Ao desistir de defender o indefensável, o governador João Doria (PSDB) se disse chocado com as evidências de brutalidade policial na vil operação em que nove jovens morreram pisoteados na favela de Paraisópolis, na capital paulista, e prometeu rever protocolos das forças de segurança. É um começo, espera-se.
Falhas estruturais nas instituições de fiscalização são evidentes, e obviamente não apenas em São Paulo. Às corregedorias internas falta independência, estrutura e transparência mínimas. Aos Ministérios Públicos falta cumprir com seu papel constitucional de controle externo da atividade policial, regulamentado desde 2007.
Definir como kafkiano o cotidiano investigativo no país não basta para descrever sua desumanidade. Familiares de vítimas de violência do Estado amargam anos de espera por qualquer desfecho de seus casos, quando chega a haver um.

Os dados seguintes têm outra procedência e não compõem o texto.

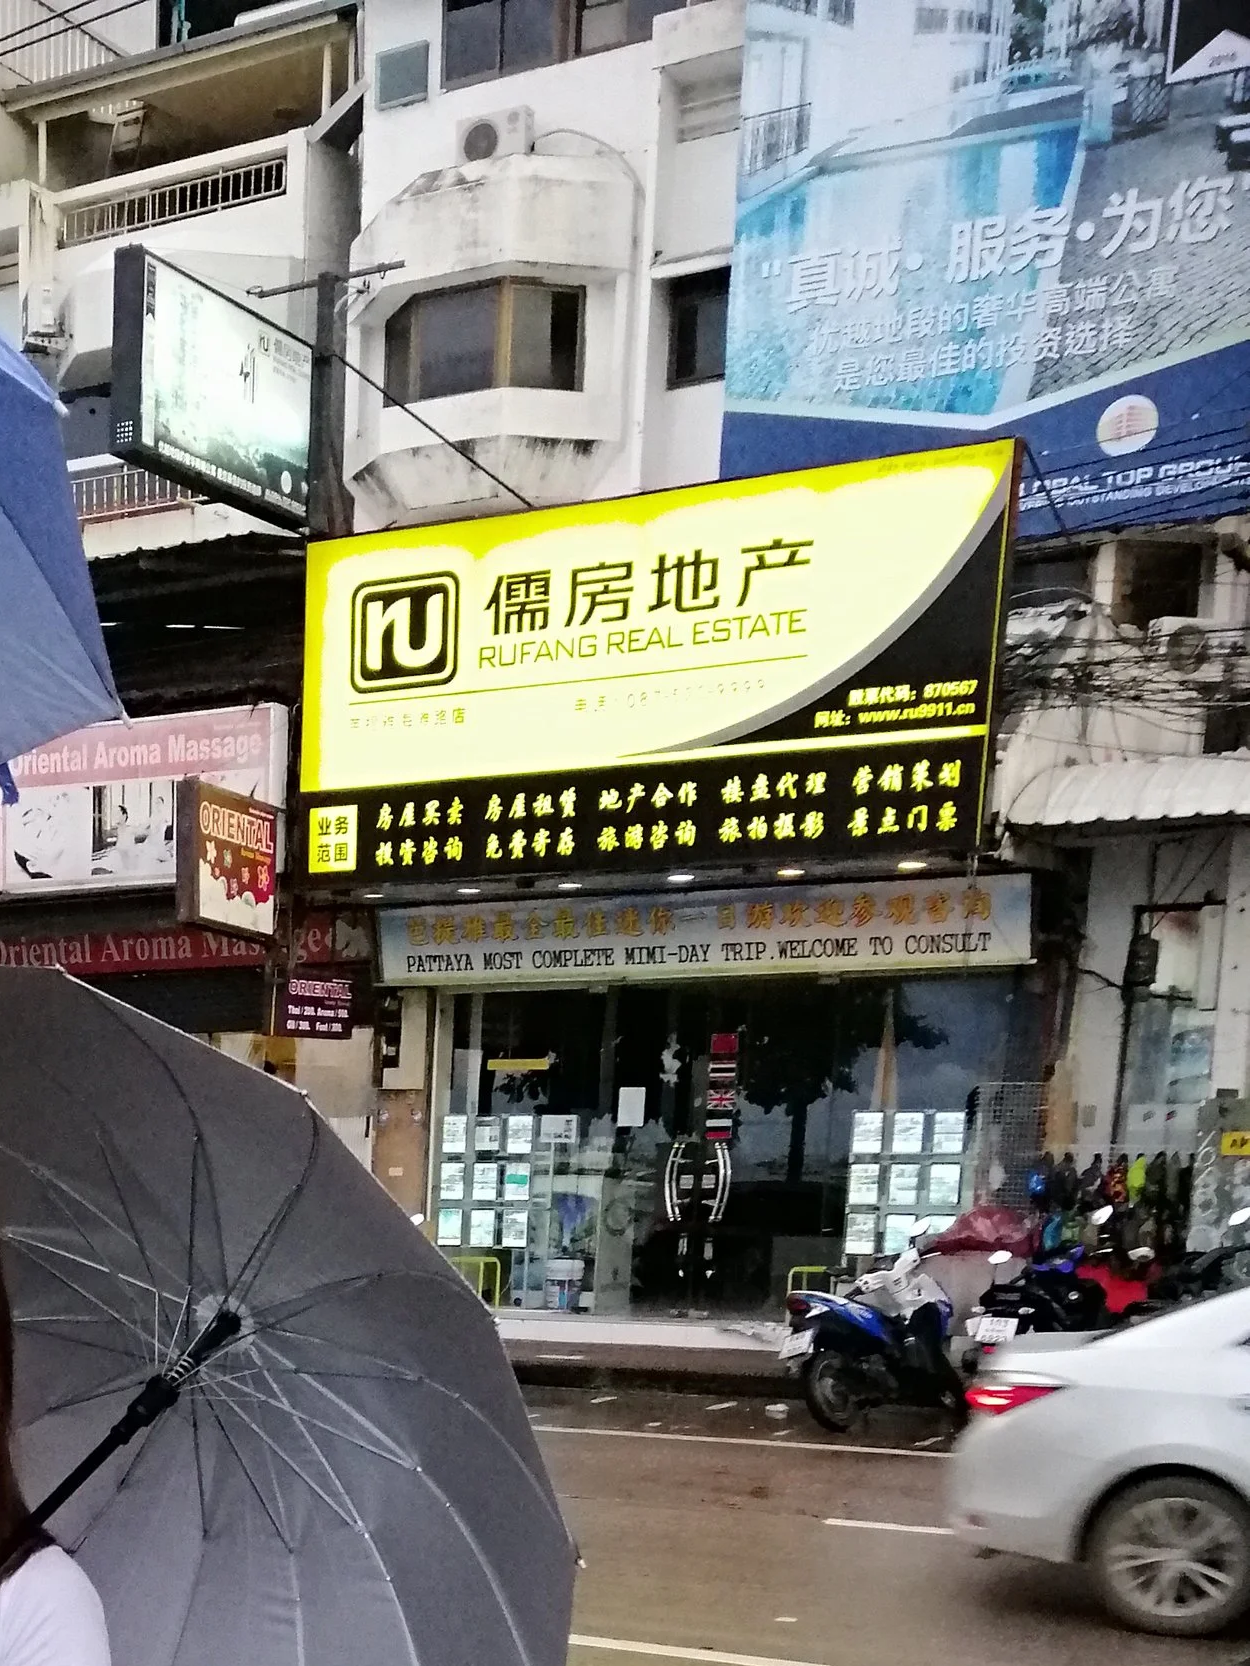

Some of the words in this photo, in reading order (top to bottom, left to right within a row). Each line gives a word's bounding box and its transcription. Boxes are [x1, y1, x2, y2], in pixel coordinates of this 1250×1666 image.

Não é republicano que os devidos procedimentos só sejam tomados em casos de grande repercussão. Normas da Secretaria da Segurança Pública paulista determinam, por exemplo, que o Ministério Público seja imediatamente informado de ocorrências de morte por intervenção policial.
Não obstante, o Brasil ostenta taxas pífias de elucidação de crimes cometidos por agentes oficiais.
São Paulo e outros estados têm criado grupos de atuação especial para o controle das polícias. Designados pela cúpula do Ministério Público, tais grupos, por mais relevantes que possam ser, não possuem a mesma independência de promotorias especializadas.
Imbricações políticas entre Ministério Público e governos estaduais —como a extensa presença de promotores e procuradores em cargos do Executivo e a manutenção de elevados penduricalhos na remuneração desses profissionais— inibem ainda mais a atividade de monitoramento.
Em São Paulo e no Rio registram-se neste ano índices de aumento da letalidade policial —e é inevitável associá-los ao discurso truculento de governantes, a começar pelo Palácio do Planalto e passando por Bandeirantes e Guanabara.
Experiências internacionais apontam caminhos: transparência e independência em investigações, inclusive em alguns casos extremos de violência policial, com a criação de comissões de especialistas para supervisionar as apurações. Doria acertará se de fato seguir esses exemplos.